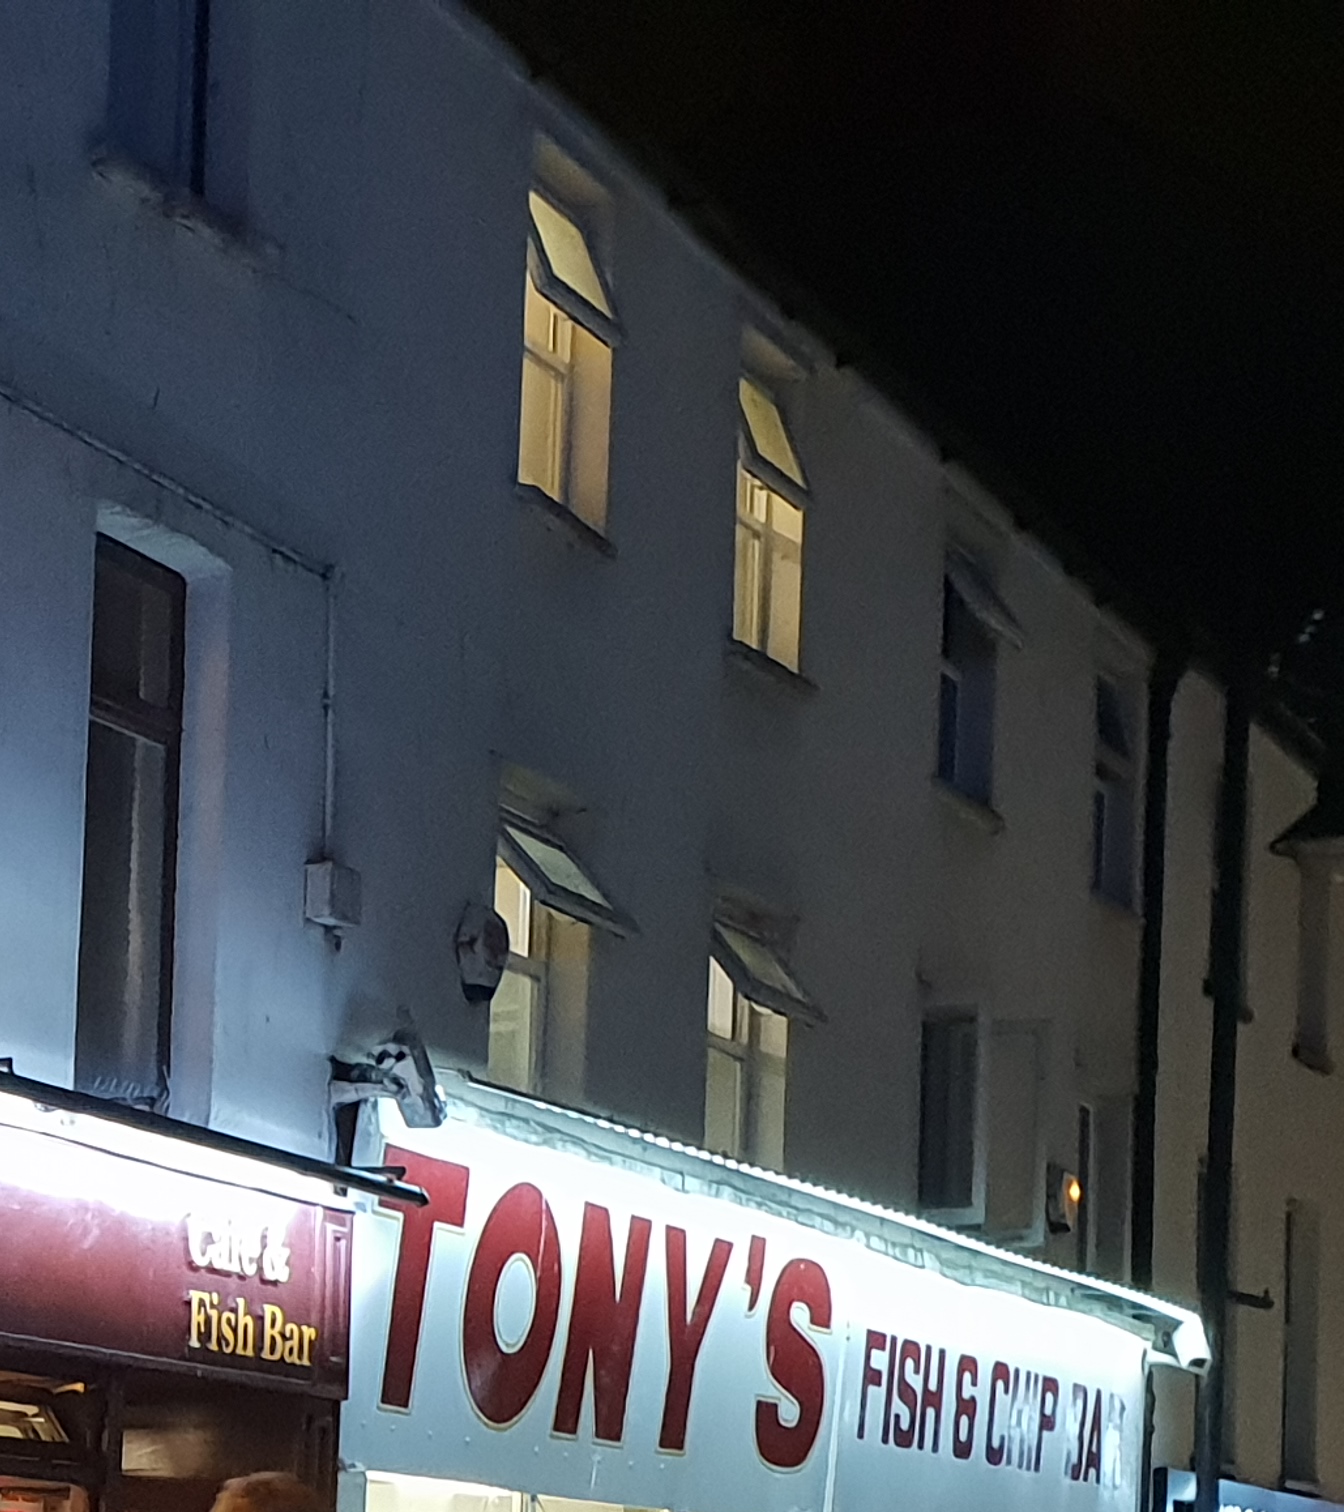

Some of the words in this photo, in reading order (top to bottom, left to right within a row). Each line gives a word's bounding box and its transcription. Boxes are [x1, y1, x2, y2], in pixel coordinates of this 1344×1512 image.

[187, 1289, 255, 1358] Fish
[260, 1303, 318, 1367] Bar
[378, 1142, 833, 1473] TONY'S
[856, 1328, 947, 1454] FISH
========================================================================
Your answer must be the records above, copied exactly, with no pictures.

**Answer for this exercise**:
Some of the words in this photo, in reading order (top to bottom, left to right within a row). Each line gives a word's bounding box and its transcription. Boxes are [x1, y1, x2, y2], in pixel coordinates of this 1344×1512 image.

[187, 1289, 255, 1358] Fish
[260, 1303, 318, 1367] Bar
[378, 1142, 833, 1473] TONY'S
[856, 1328, 947, 1454] FISH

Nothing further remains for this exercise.